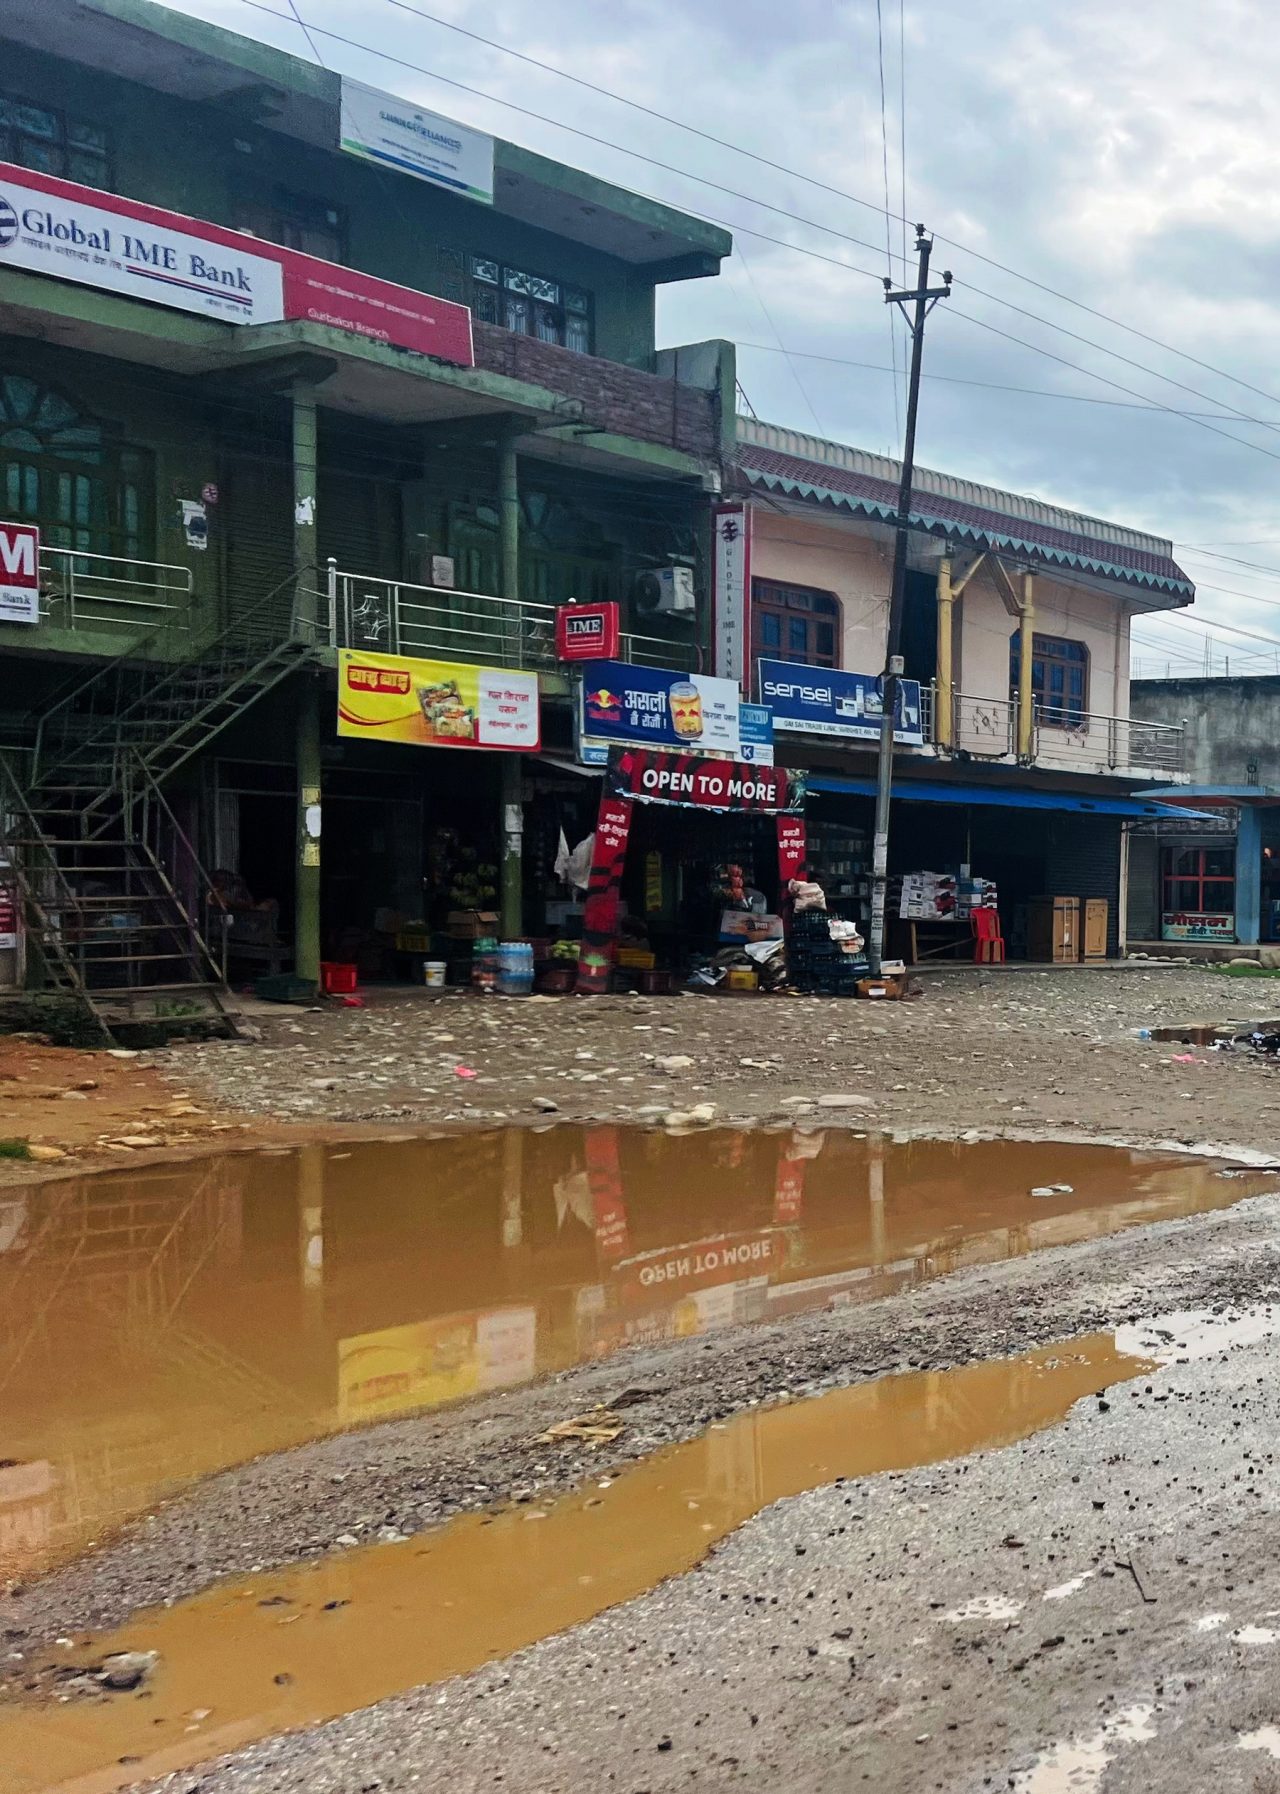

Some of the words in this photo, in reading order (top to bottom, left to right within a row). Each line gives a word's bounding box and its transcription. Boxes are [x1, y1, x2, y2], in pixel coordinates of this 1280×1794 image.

[22, 208, 110, 252] Global
[120, 234, 177, 270] IME
[189, 253, 253, 292] Bank
[572, 619, 601, 633] IME
[624, 690, 667, 713] असली
[764, 681, 832, 703] sensei
[642, 769, 694, 793] OPEN
[698, 776, 723, 795] TO
[727, 779, 776, 801] MORE
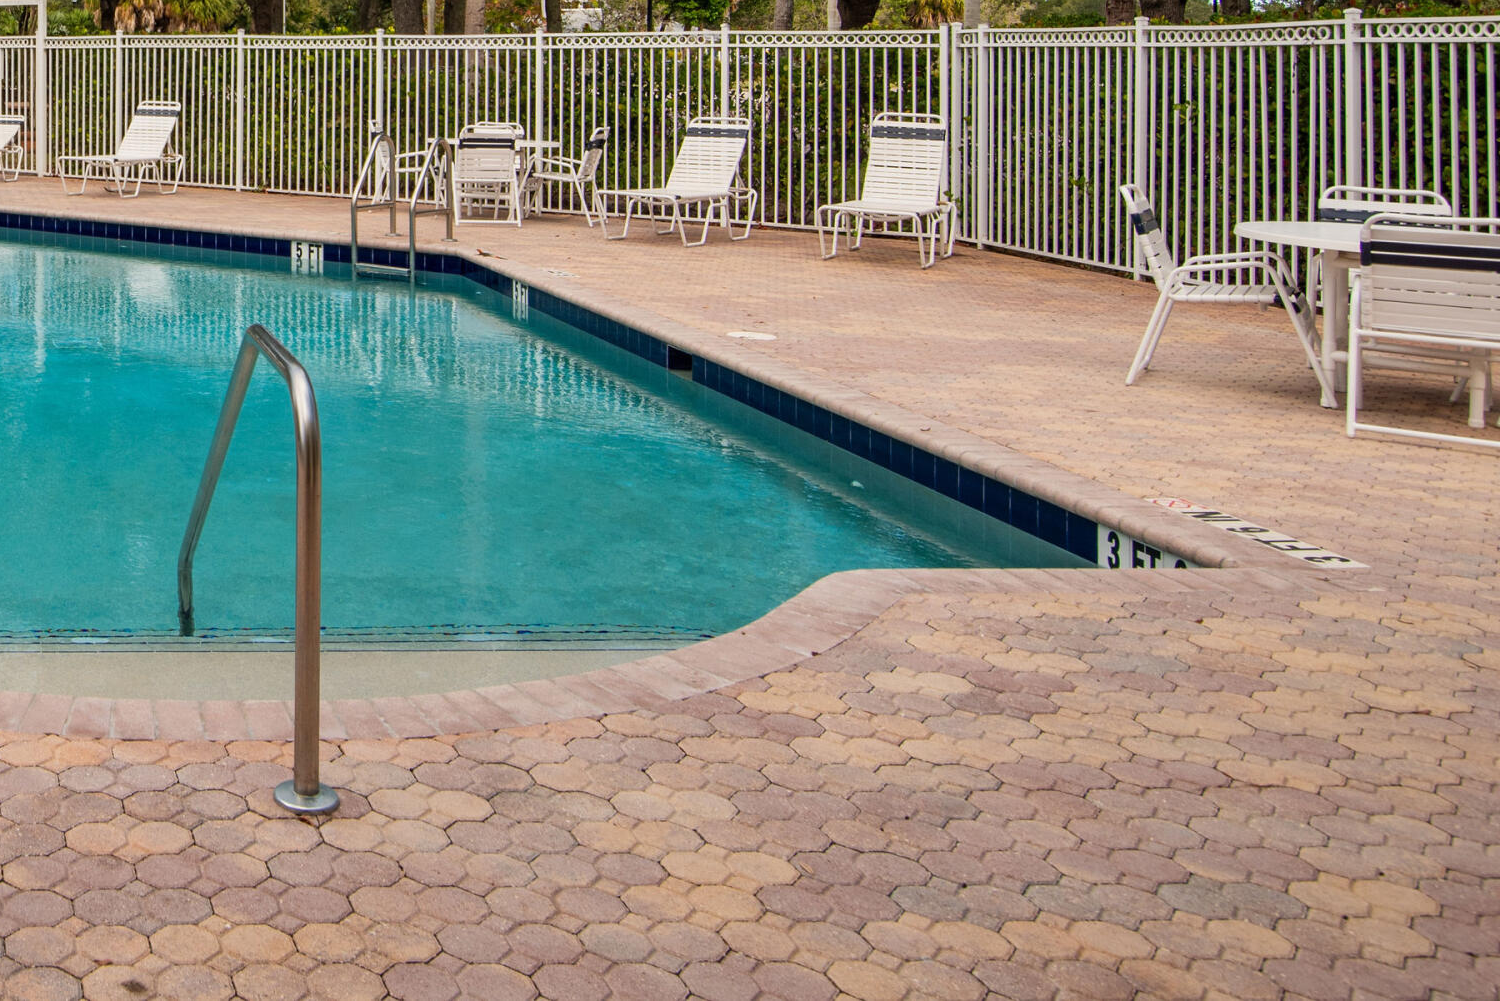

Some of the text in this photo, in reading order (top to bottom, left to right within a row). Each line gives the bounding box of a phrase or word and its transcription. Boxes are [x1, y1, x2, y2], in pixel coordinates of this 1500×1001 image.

**TASK PROMPT:**
Take each line from the records and copy it unchanged, leaving images out.

**EXERCISE SOLUTION:**
Some of the words in this photo, in reading order (top to bottom, left to right within a row). Each line gives a word's bounding box and its transcription. Boxes are [x1, y1, x2, y2], in pixel coordinates of this 1280×1794 image.

[22, 208, 110, 252] Global
[120, 234, 177, 270] IME
[189, 253, 253, 292] Bank
[572, 619, 601, 633] IME
[624, 690, 667, 713] असली
[764, 681, 832, 703] sensei
[642, 769, 694, 793] OPEN
[698, 776, 723, 795] TO
[727, 779, 776, 801] MORE

Some of the text in this photo, in reading order (top to bottom, left to right within a row). Each line gives the bounding box of a phrase or word and its transcription. Boxes are [x1, y1, x2, y2], in pixel coordinates of this 1500×1001 image.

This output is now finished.